La zapatera prodigiosa no desapareció. Ella también creció (debía ser joven en la época de aquellas excursiones aunque a mí me pareciera muy mayor). Durante mucho tiempo tuvo abierta la zapatería y al pasar por delante la veía sentada con su silla de tijera tomando el sol en la puerta de la tienda. Al principio con sus padres, después sola. En verano con su bandeja de la cena, sentada delante del escaparate con zapatos que llevan ahí 30 años. 

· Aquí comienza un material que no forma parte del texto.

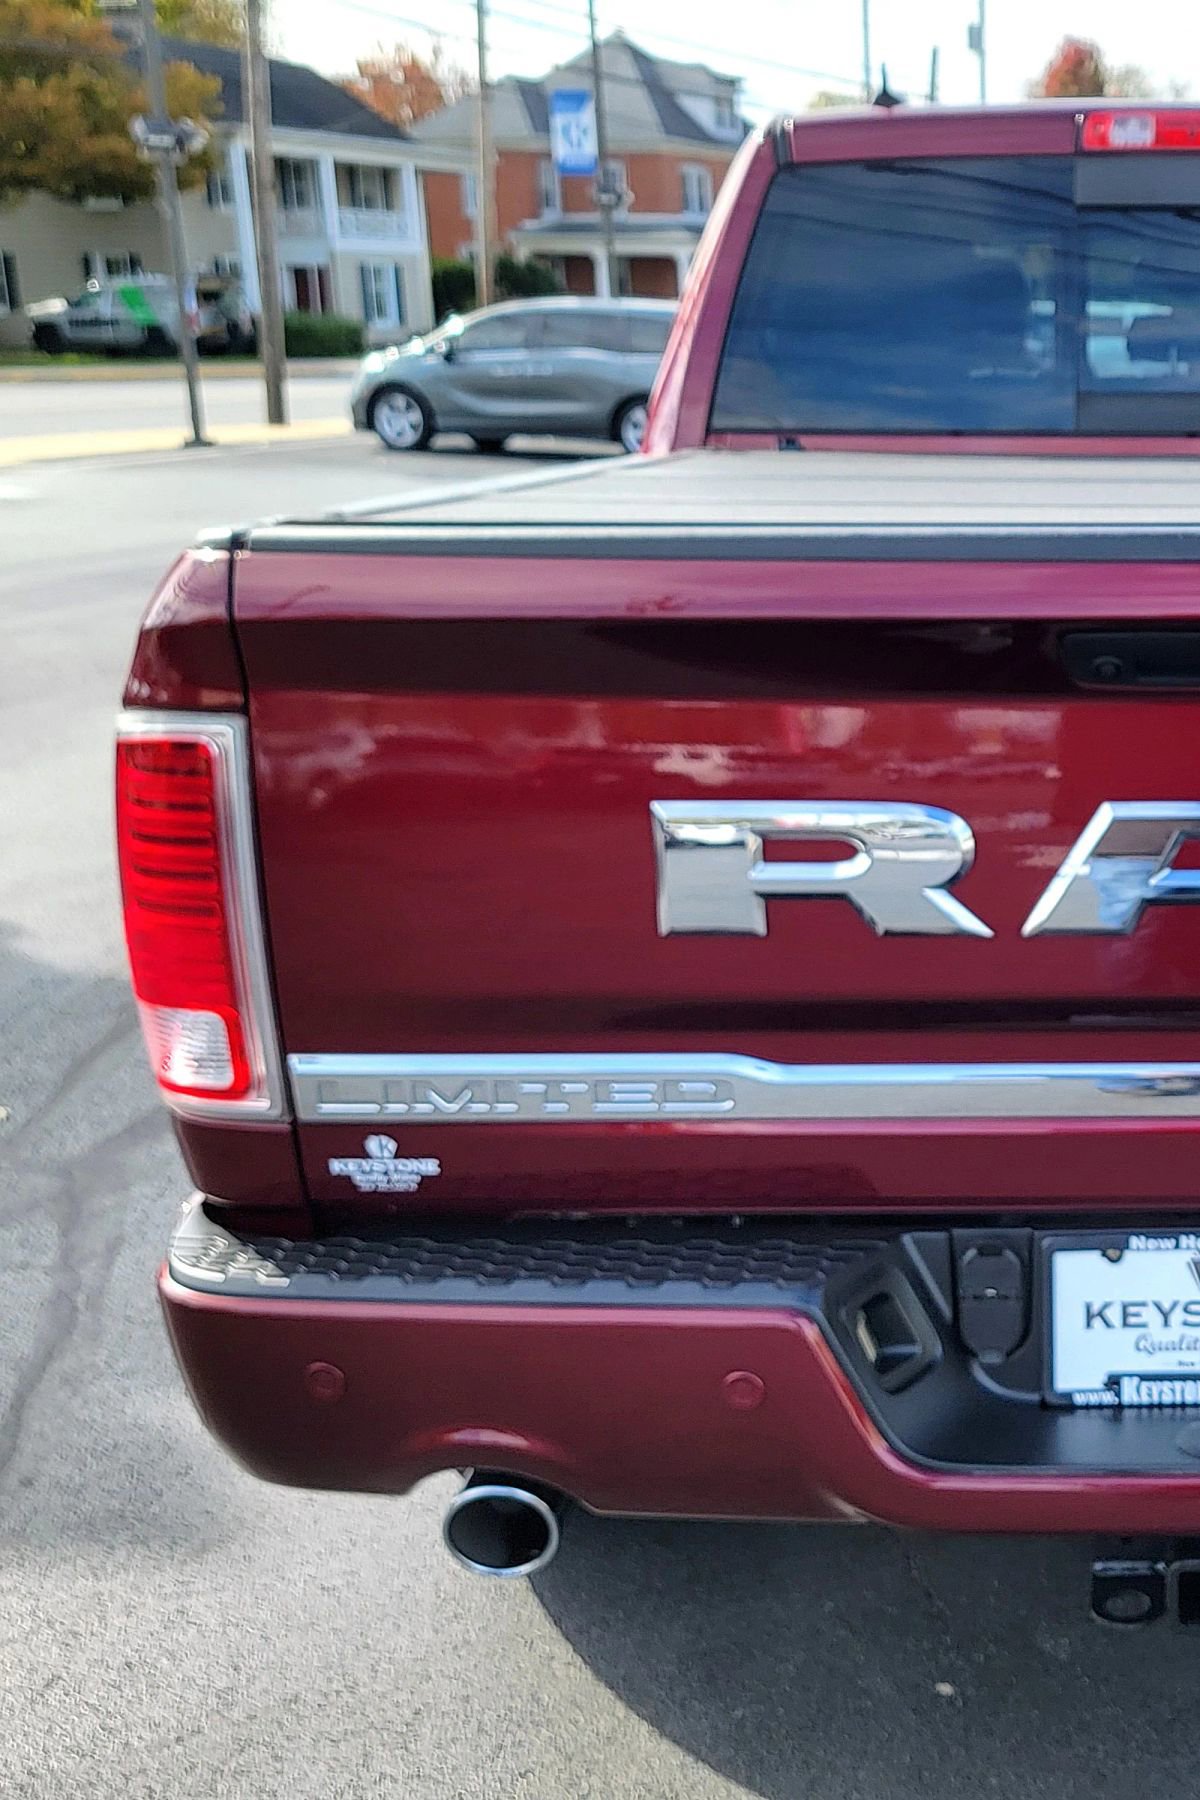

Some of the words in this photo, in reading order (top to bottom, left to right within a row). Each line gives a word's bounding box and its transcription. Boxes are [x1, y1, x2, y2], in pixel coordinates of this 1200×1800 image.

Mari pasea en invierno abrigada hasta las orejas con gorros de lana, bufandas multicolores, guantes y enormes abrigos de colores. En verano va en pantalón corto y camiseta se sienta al sol delante de su tienda en la que mantiene el escaparate y los zapatos qu estaban de moda hace treinta años. Cada día, cuando me bajo del autobús al volver de Madrid, paso por delante de la zapatería y pienso que debería comprarme una grabadora y entrevistar a Mari. Sentarnos las dos en su zapatería, dejar que me cuente su vida y grabarlo todo. ¿Para qué? No lo sé. Quizá para hacer un podcast, o para escribir su historia y a lo mejor la mía aquí. Hace unos años, cuando tuve la depresión, hice un curso de periodismo cultural y una de las tareas era pensar un tema para un documental y escribir una sinopsis y un guión. Escribí sobre mi relación con Los Molinos y mis recuerdos, sobre las sensaciones y algo sobre su historia, lo que sabía en aquel momento. A mi profesor le encantó la idea, me dijo: «me han dado ganas de conocerlo». No seguí con esa idea, tengo el documento por ahí.


Too see takes time.


A lo mejor debería hacer algo así. Hablar con Mari, grabarla y ver qué sale de ahí. A lo mejor ahora es el momento.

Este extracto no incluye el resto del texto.